What you should do = In the records below, the lines from the one containing "Some of the words" through the last are to be reproduced exactly and alone.
'''
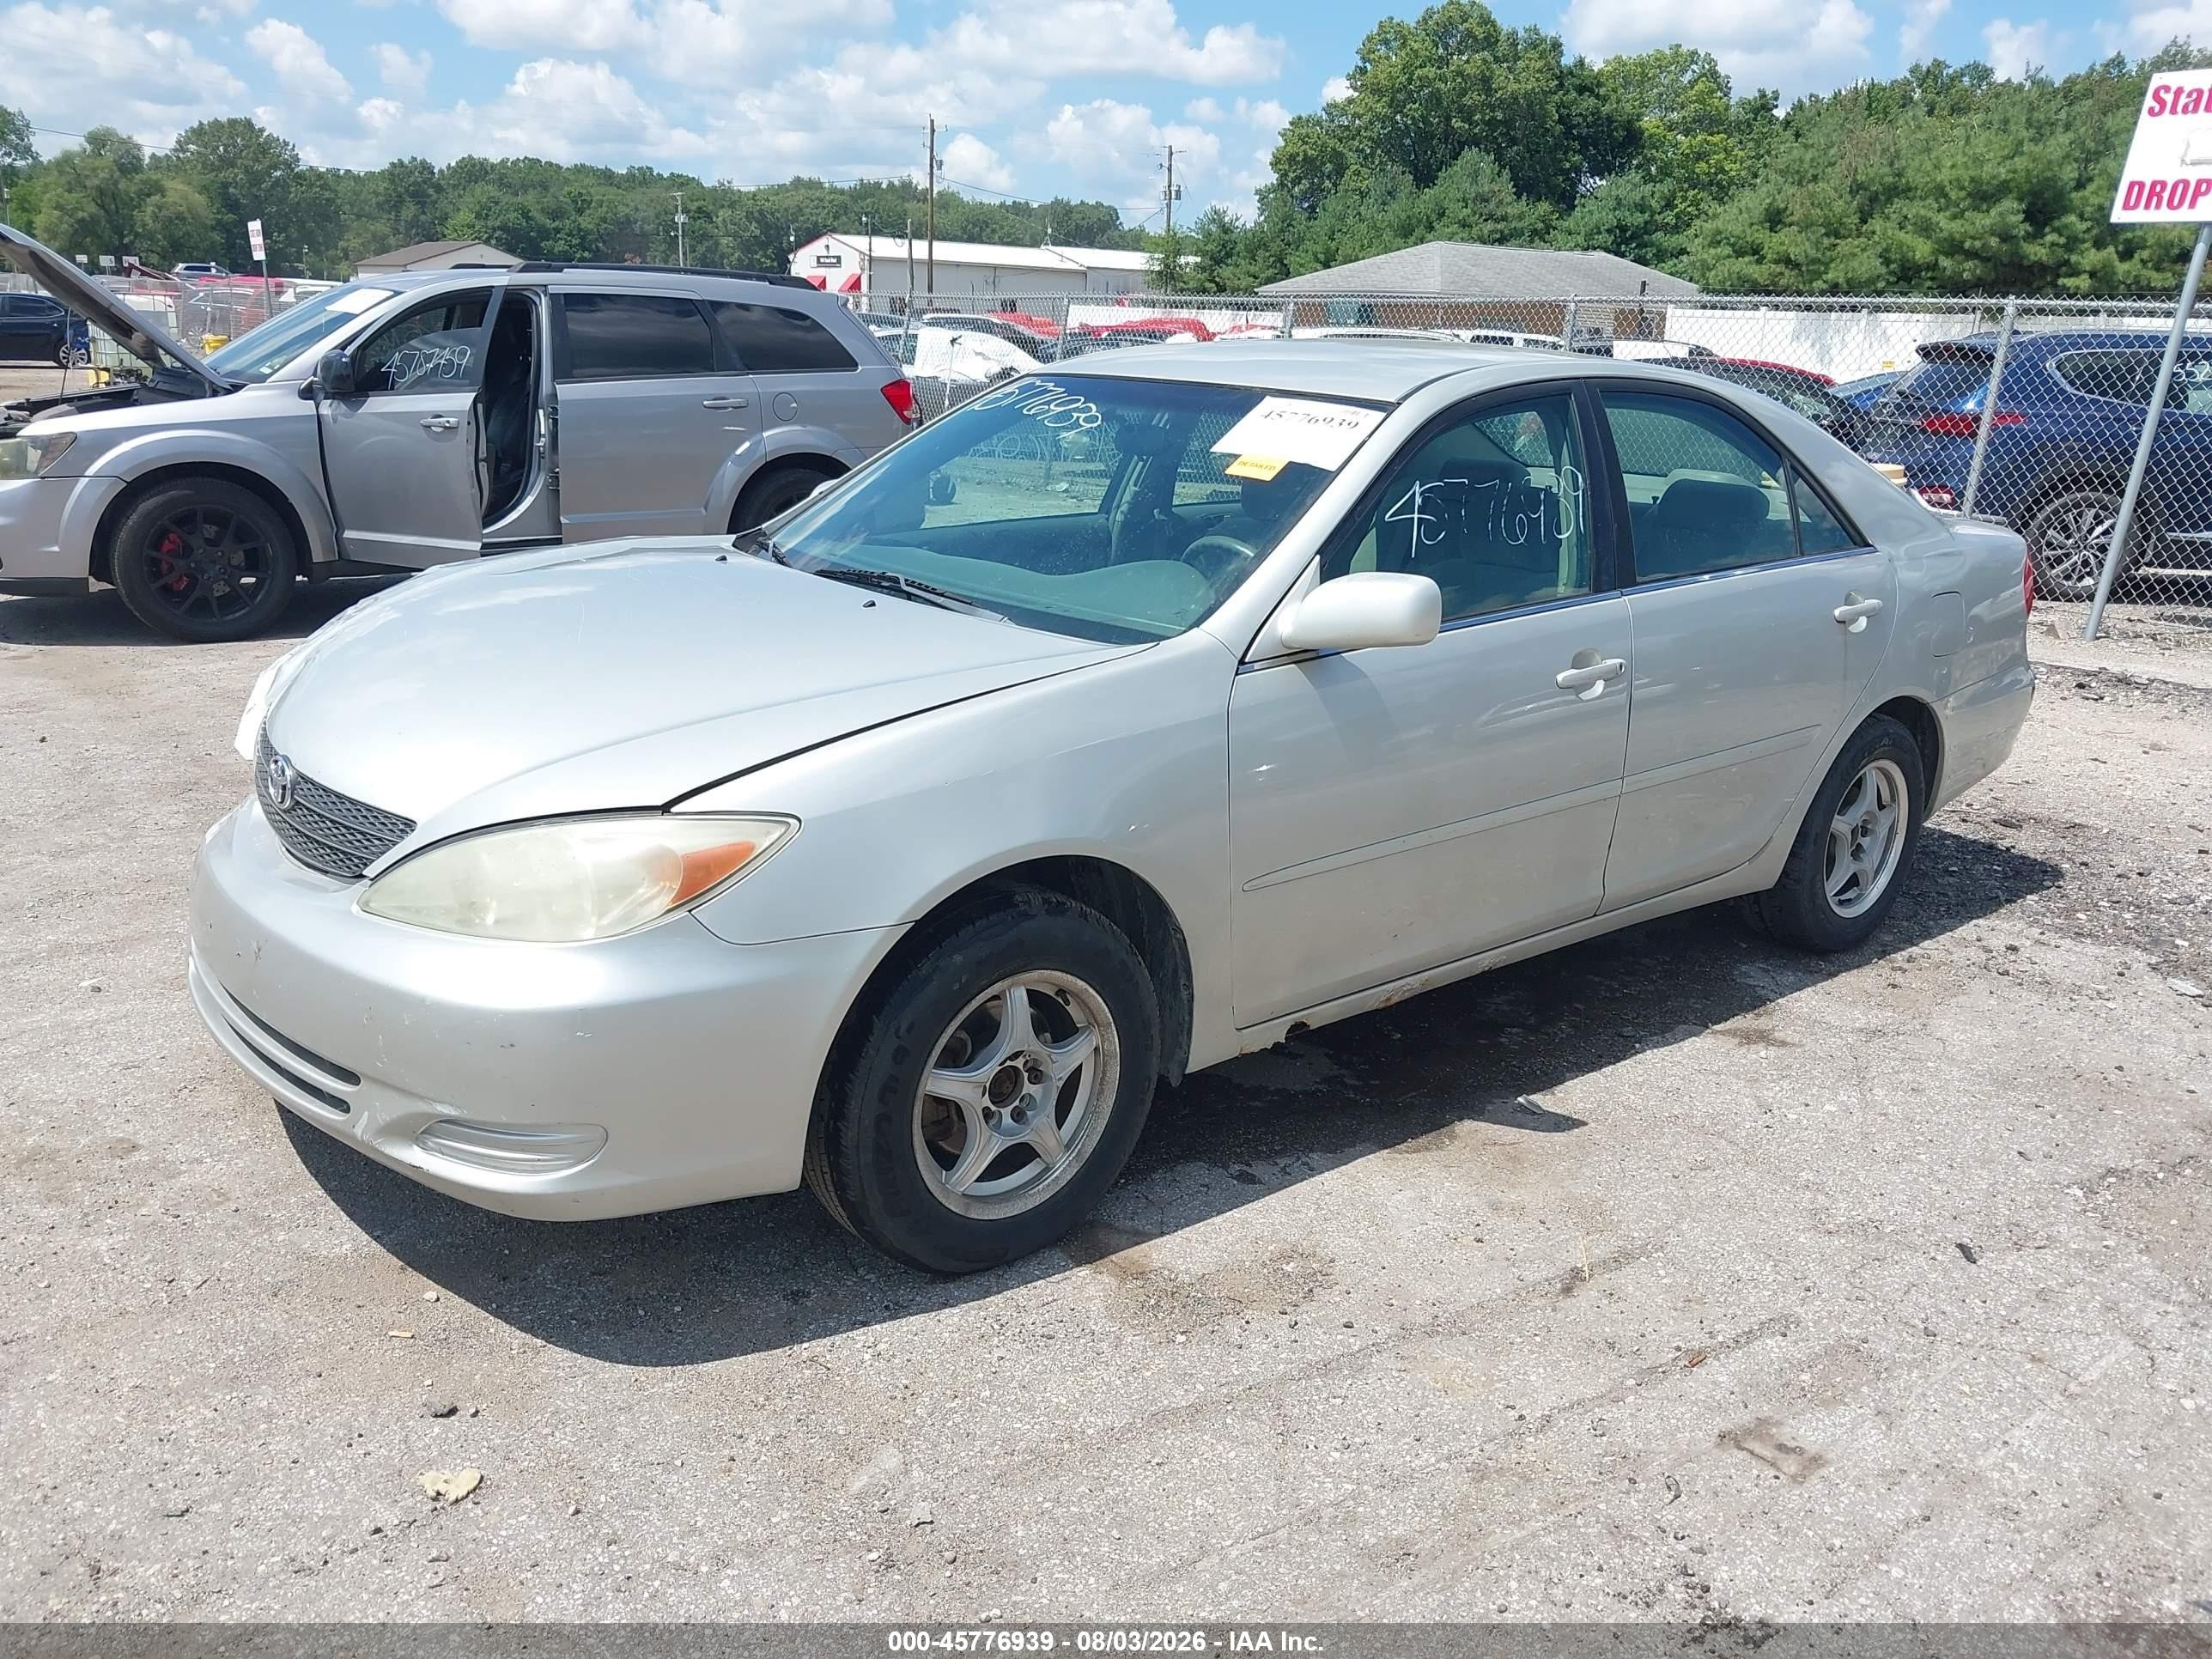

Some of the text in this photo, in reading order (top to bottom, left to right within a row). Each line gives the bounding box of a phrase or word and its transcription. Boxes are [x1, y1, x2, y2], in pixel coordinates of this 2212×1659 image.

[2148, 84, 2212, 118] Stat
[2122, 178, 2212, 211] DROP
[380, 345, 471, 391] 45787459
[1260, 410, 1360, 430] 45776939
[1237, 459, 1277, 471] DETAILED
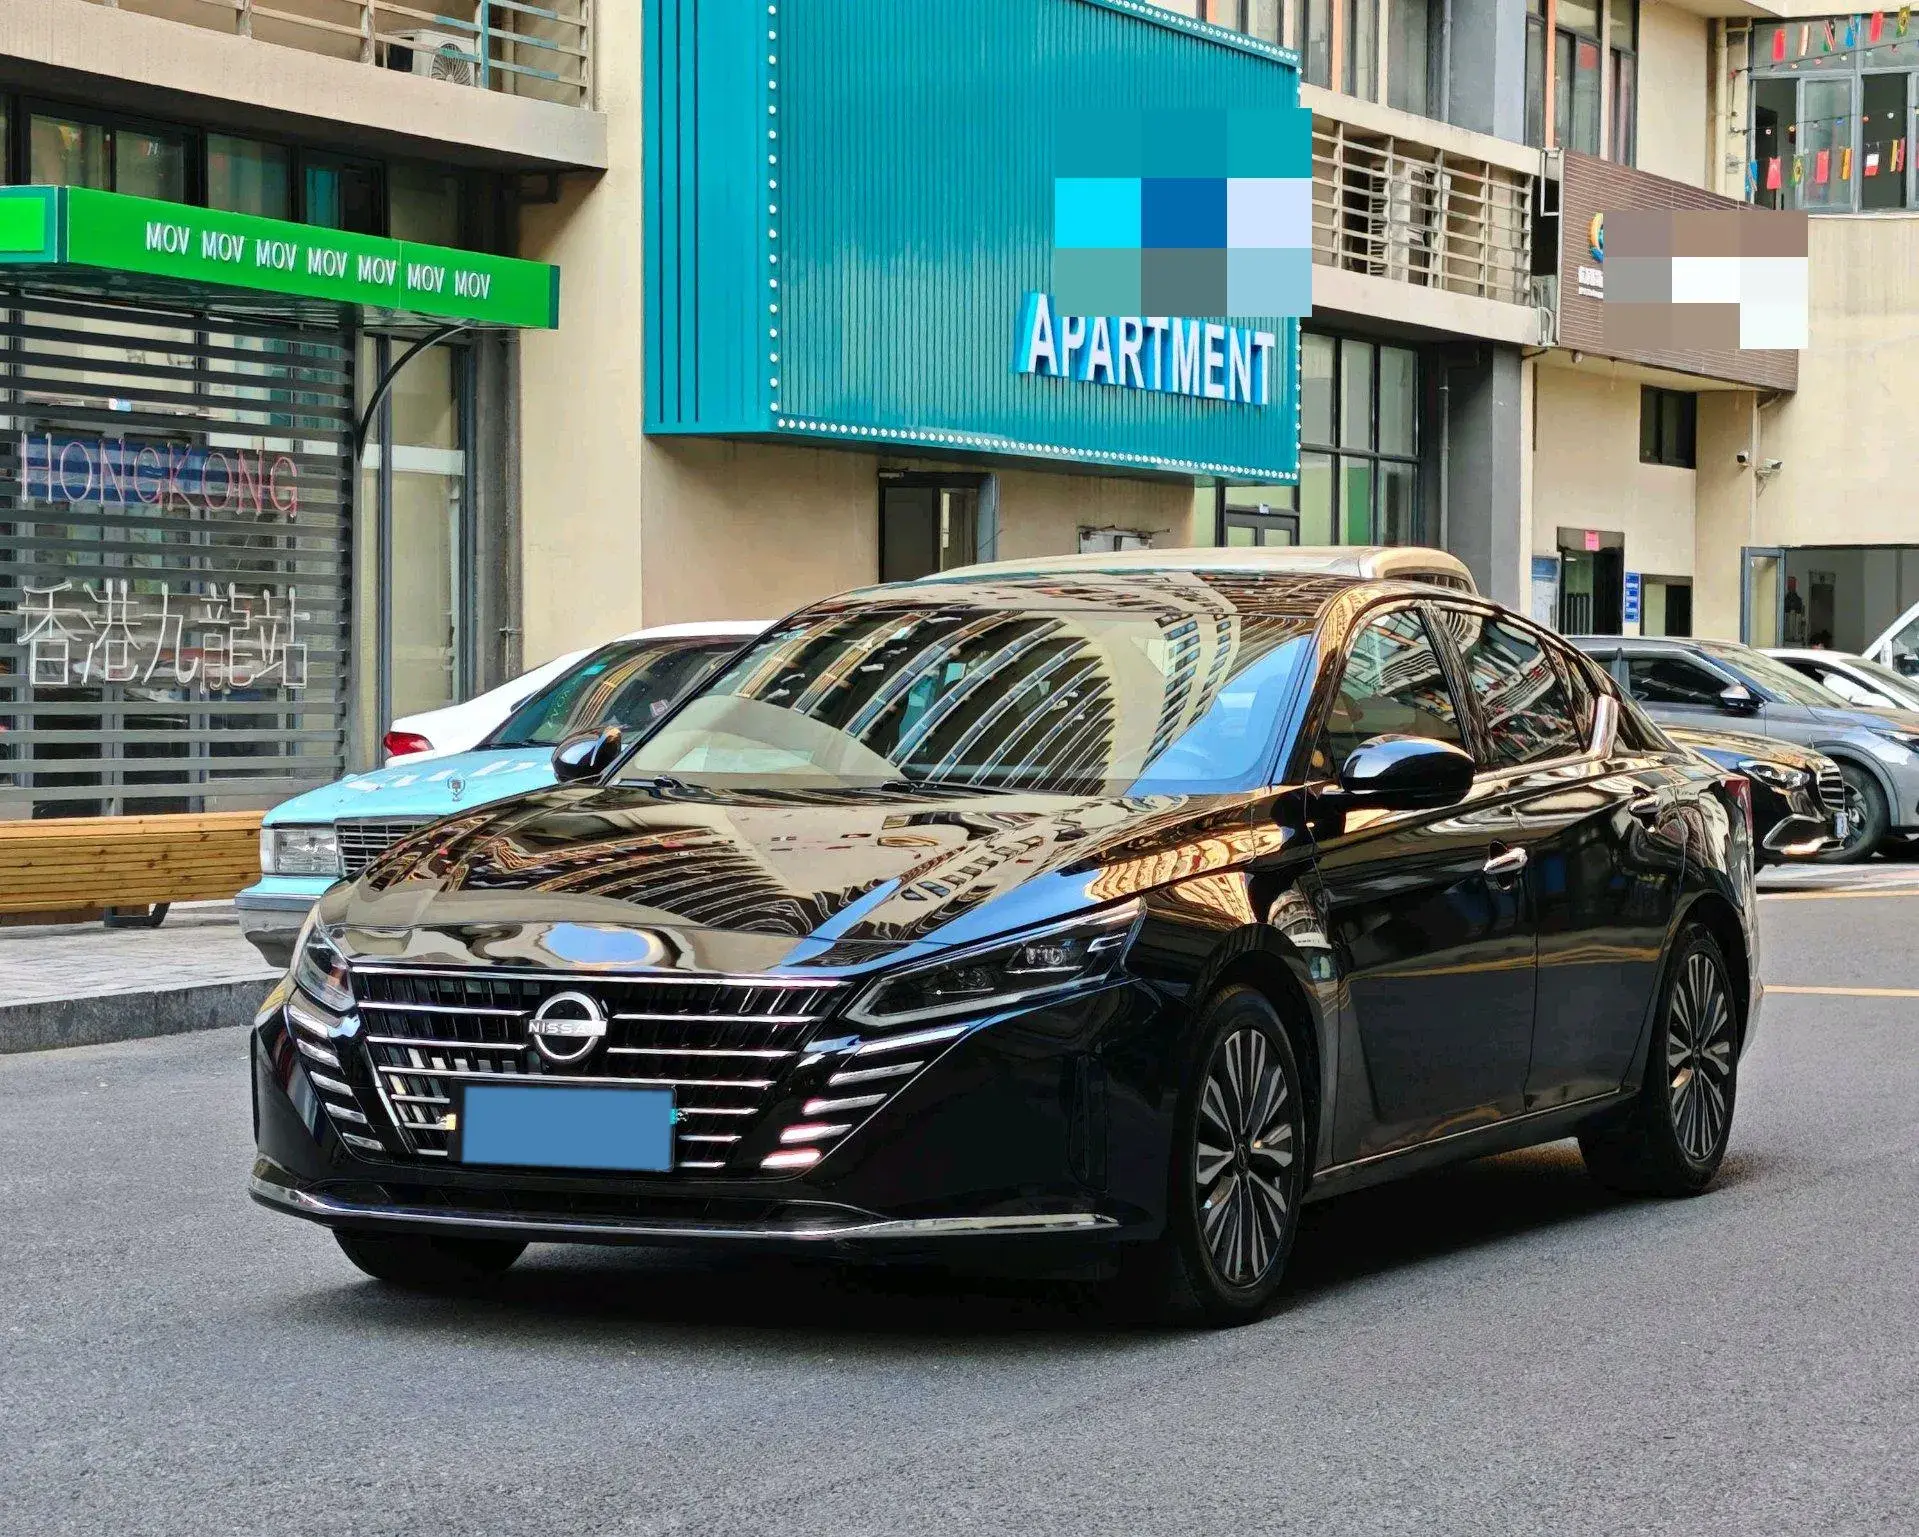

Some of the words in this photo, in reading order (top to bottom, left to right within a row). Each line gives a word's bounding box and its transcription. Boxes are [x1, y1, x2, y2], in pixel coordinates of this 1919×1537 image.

[146, 221, 190, 255] MOV
[202, 230, 245, 263] MOV
[256, 239, 297, 271] MOV
[308, 247, 348, 278] MOV
[358, 255, 396, 286] MOV
[407, 263, 445, 293] MOV
[454, 270, 491, 300] MOV
[1018, 292, 1275, 405] APARTMENT
[21, 432, 299, 518] HONGKONG
'''
Answer to this problem =
Some of the words in this photo, in reading order (top to bottom, left to right within a row). Each line gives a word's bounding box and its transcription. Boxes are [x1, y1, x2, y2], in pixel coordinates of this 1919×1537 image.

[146, 221, 190, 255] MOV
[202, 230, 245, 263] MOV
[256, 239, 297, 271] MOV
[308, 247, 348, 278] MOV
[358, 255, 396, 286] MOV
[407, 263, 445, 293] MOV
[454, 270, 491, 300] MOV
[1018, 292, 1275, 405] APARTMENT
[21, 432, 299, 518] HONGKONG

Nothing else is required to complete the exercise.